CHARLIE MUNGER: Well, I have a little bit of a twist on that. And so I would say that you can be cheerful even if things are slightly deteriorating, and that's a very good quality to have.
I have a personal saying that has always amused me. I say, the politicians are never so bad you don't live to want them back. (Laughter)
WARREN BUFFETT: Well, on that note of wisdom — (Laughter)
WARREN BUFFETT: Let's go to area 4.
AUDIENCE MEMBER: Good morning. Angie Janssen (PH) of Cambridge, Massachusetts.

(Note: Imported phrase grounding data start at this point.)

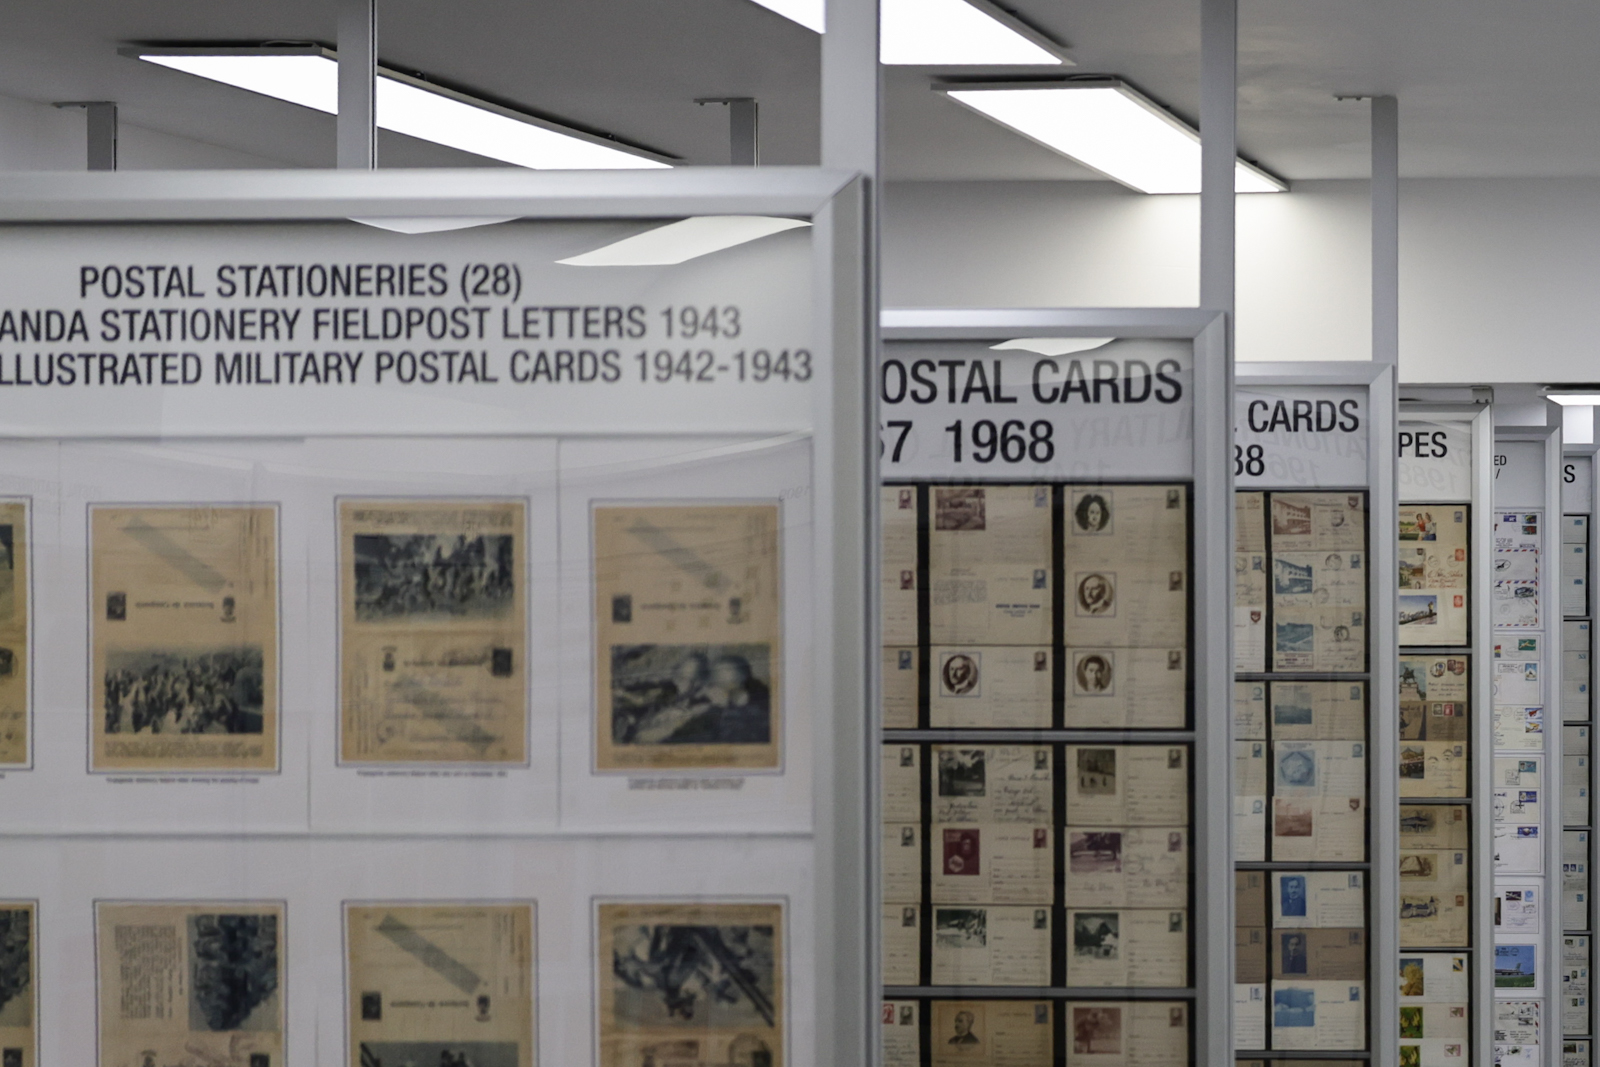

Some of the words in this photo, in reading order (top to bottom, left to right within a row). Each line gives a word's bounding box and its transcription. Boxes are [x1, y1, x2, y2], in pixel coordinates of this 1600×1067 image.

[80, 265, 205, 299] POSTAL
[216, 263, 448, 298] STATIONERIES
[460, 263, 522, 303] (28)
[0, 309, 90, 342] ANDA
[100, 308, 301, 342] STATIONERY
[313, 306, 491, 341] FIELDPOST
[502, 306, 647, 340] LETTERS
[660, 305, 742, 339] 1943
[215, 351, 364, 385] MILITARY
[375, 350, 498, 385] POSTAL
[509, 349, 621, 384] CARDS
[636, 348, 814, 383] 1942-1943
[880, 358, 1018, 405] OSTAL
[1031, 358, 1183, 405] CARDS
[1247, 399, 1360, 433] CARDS
[945, 419, 1055, 464] 1968
[1398, 431, 1448, 459] PES
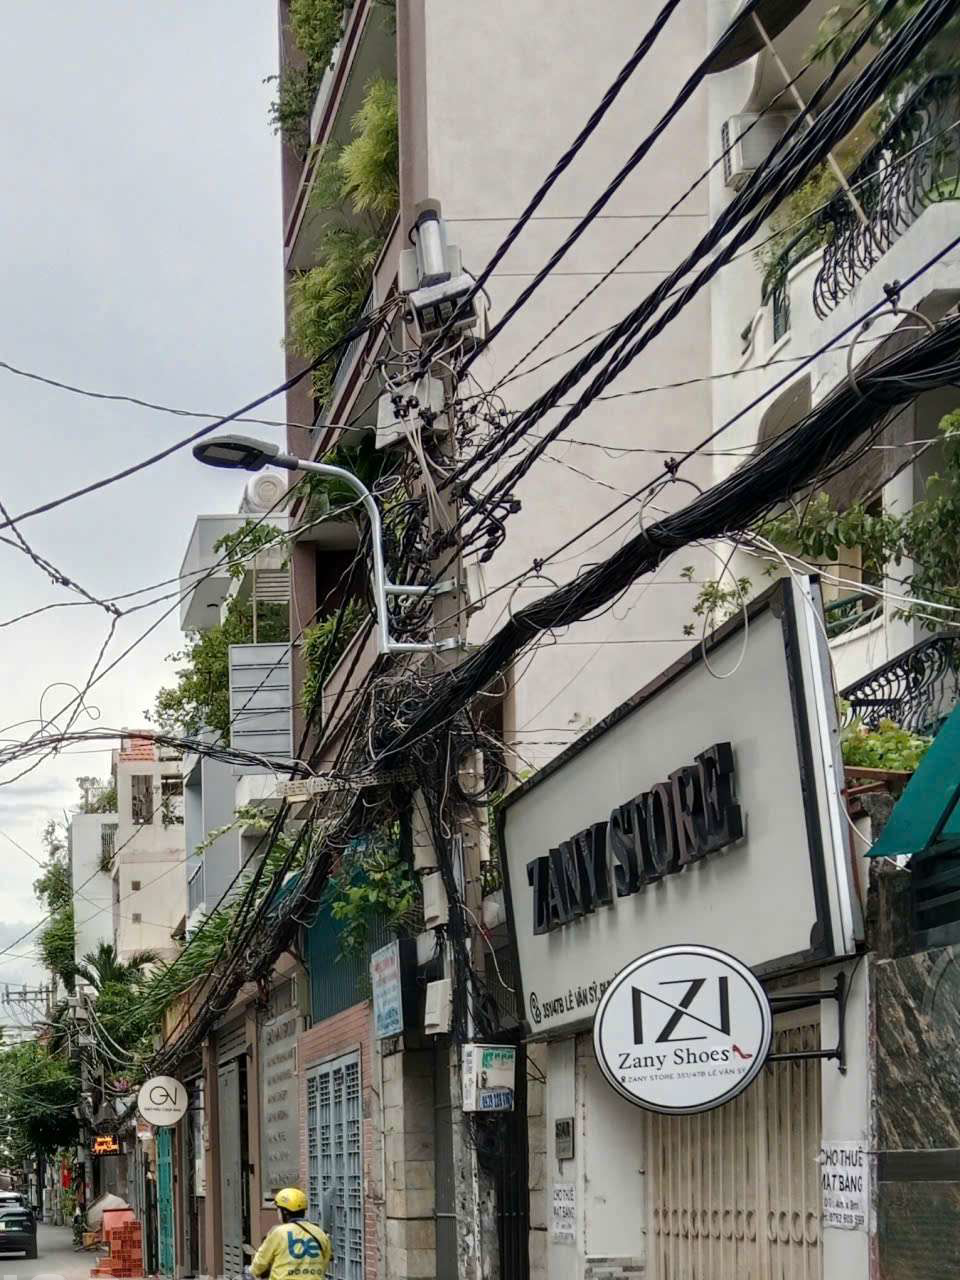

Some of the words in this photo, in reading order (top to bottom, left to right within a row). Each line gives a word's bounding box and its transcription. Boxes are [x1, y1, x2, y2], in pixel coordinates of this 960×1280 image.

[527, 821, 613, 935] ZANY
[610, 742, 743, 897] STORE
[618, 1053, 667, 1070] Zany
[673, 1048, 730, 1065] Shoes
[649, 1073, 674, 1081] STORE
[840, 1145, 863, 1168] THUÊ
[287, 1231, 322, 1260] be

My question is, aside from the need to put huge amounts of capital to work, do you still believe that a high return on tangible capital business, like See's or Coke, is the best asset to hold in an inflationary environment, or do you now think an irreplaceable hard asset with pricing power, like a railroad or a hydroelectric dam, is superior?
WARREN BUFFETT: The first group is superior. I mean, if you can have a wonderful consumer product — doesn't have to be a consumer product — a product that requires very little capital to grow, and to do more dollar volume, as will happen with inflation even if you don't have unit growth, and it doesn't take much capital to support that growth, that is a wonderful asset to have in inflation.

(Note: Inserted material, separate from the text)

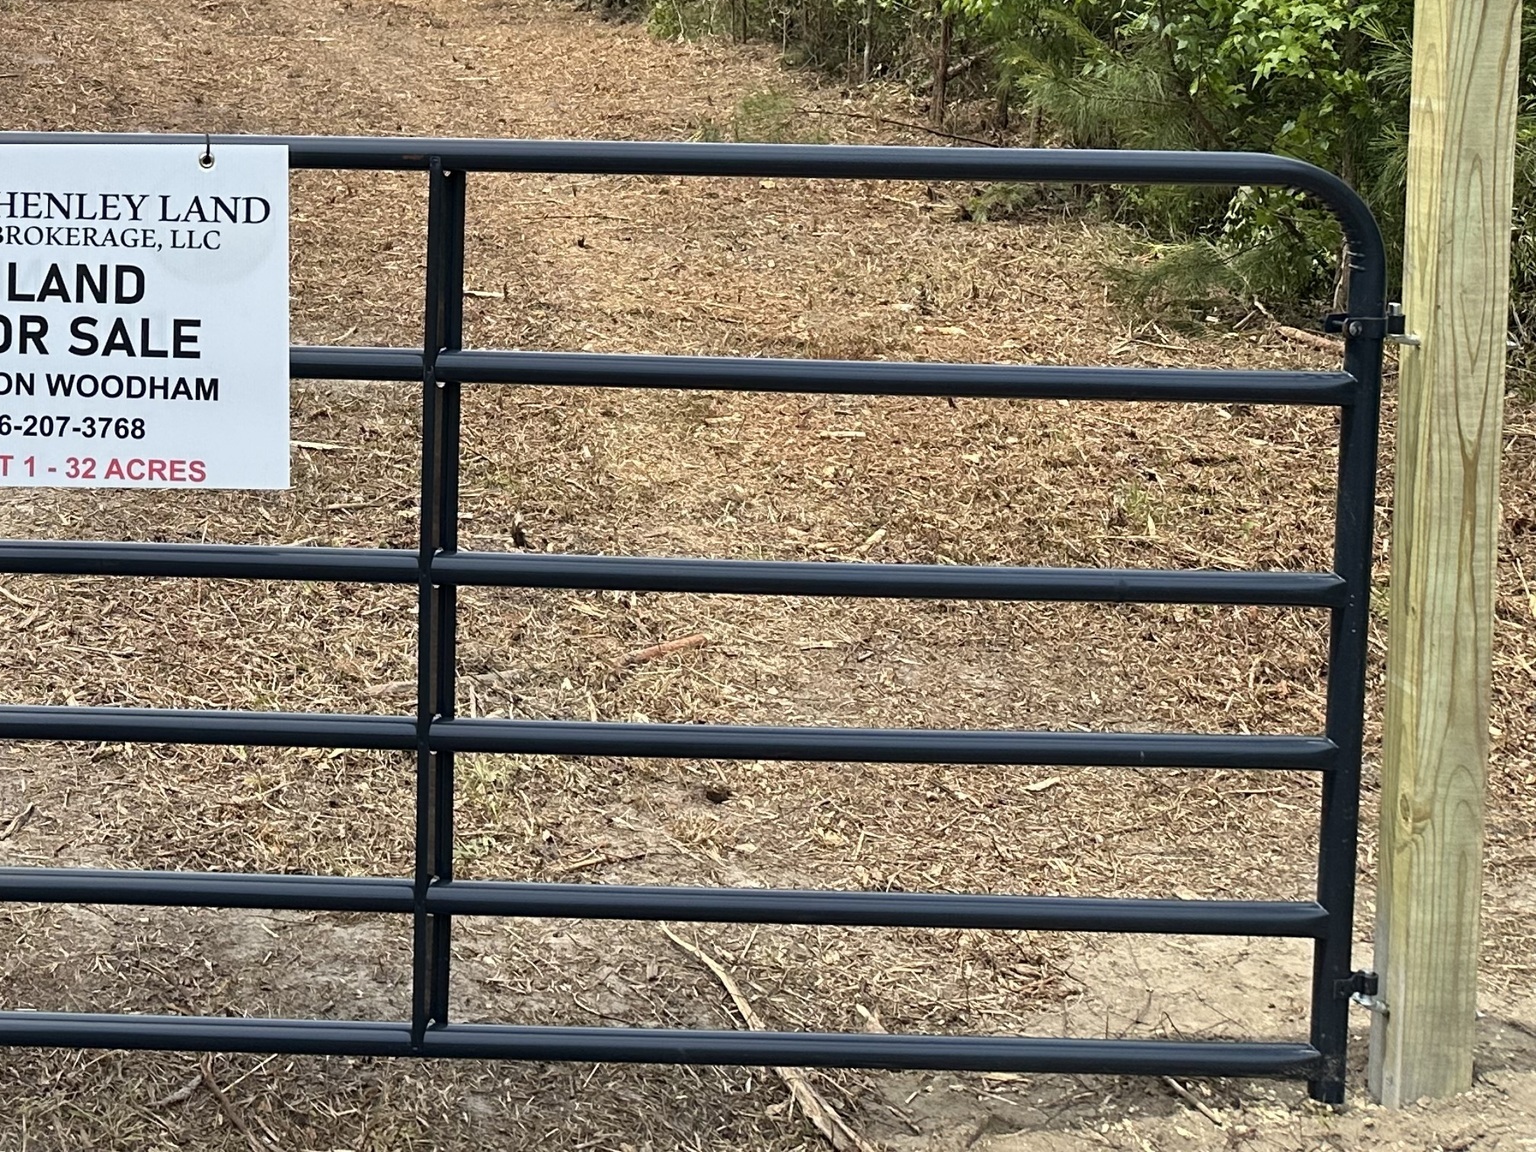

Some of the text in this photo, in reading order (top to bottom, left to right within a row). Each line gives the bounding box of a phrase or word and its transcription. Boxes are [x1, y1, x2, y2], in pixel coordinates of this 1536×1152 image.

I mean, the ultimate test of that is your own earning ability. I mean, if you're an outstanding doctor, lawyer, whatever it may be, teacher, the — you — as inflation goes along, your services will command more and more in dollar terms, and you don't have to make any additional investment in yourself.
People think of that, you know, with a very long-lived real estate asset or something of the sort, or a farm, or anything where additional capital is not required to finance inflationary growth.
The worst kind of businesses are the businesses with tons of receivables and inventories and all of that.
And in dollar terms, if their volume stays flat but the price level doubles, and they need to come up with double the amount of money to do that same volume of business, that can be a very bad asset.
Now normally, we are not enthused about businesses that require heavy capital investment, just like utilities and the railroad.
We think that, on the other hand, particularly with the railroad, that where you do not have any guaranteed lower rate of return, that you should be entitled to earn returns on assets that are becoming more and more valuable to the economy as — whether it's because of inflationary factors or because of just natural growth factors, or in the case of the United States, I think it will be both.
But the ideal business — See's Candy is doing — it was doing $25 million of volume when we bought it, and it sold 16 million pounds of candy — a little more than — well, it retails $1.90, and we had some quantity discounts, so we were doing close to $30 million worth of business.
Now, we're doing well over $300 million worth of business. It took $9 million of tangible assets to run it when it was doing 30, and it takes about 40 million of tangible assets at 300-and-some.
So we've only had to ploy back $30 million into a business which will make us — well, it's made us, probably, a billion-and-a-half pretax during that period.
And if the price of candy doubles, we don't have any receivables to speak of. Our inventory turns fast. We don't store it or anything like that. We gear up seasonally and the fixed assets aren’t big, so that is a much better business to own than a utility business if you’re going to have a lot of inflation.
Charlie?
CHARLIE MUNGER: And what's interesting about it is that we didn't always know this. And so — (Laughter)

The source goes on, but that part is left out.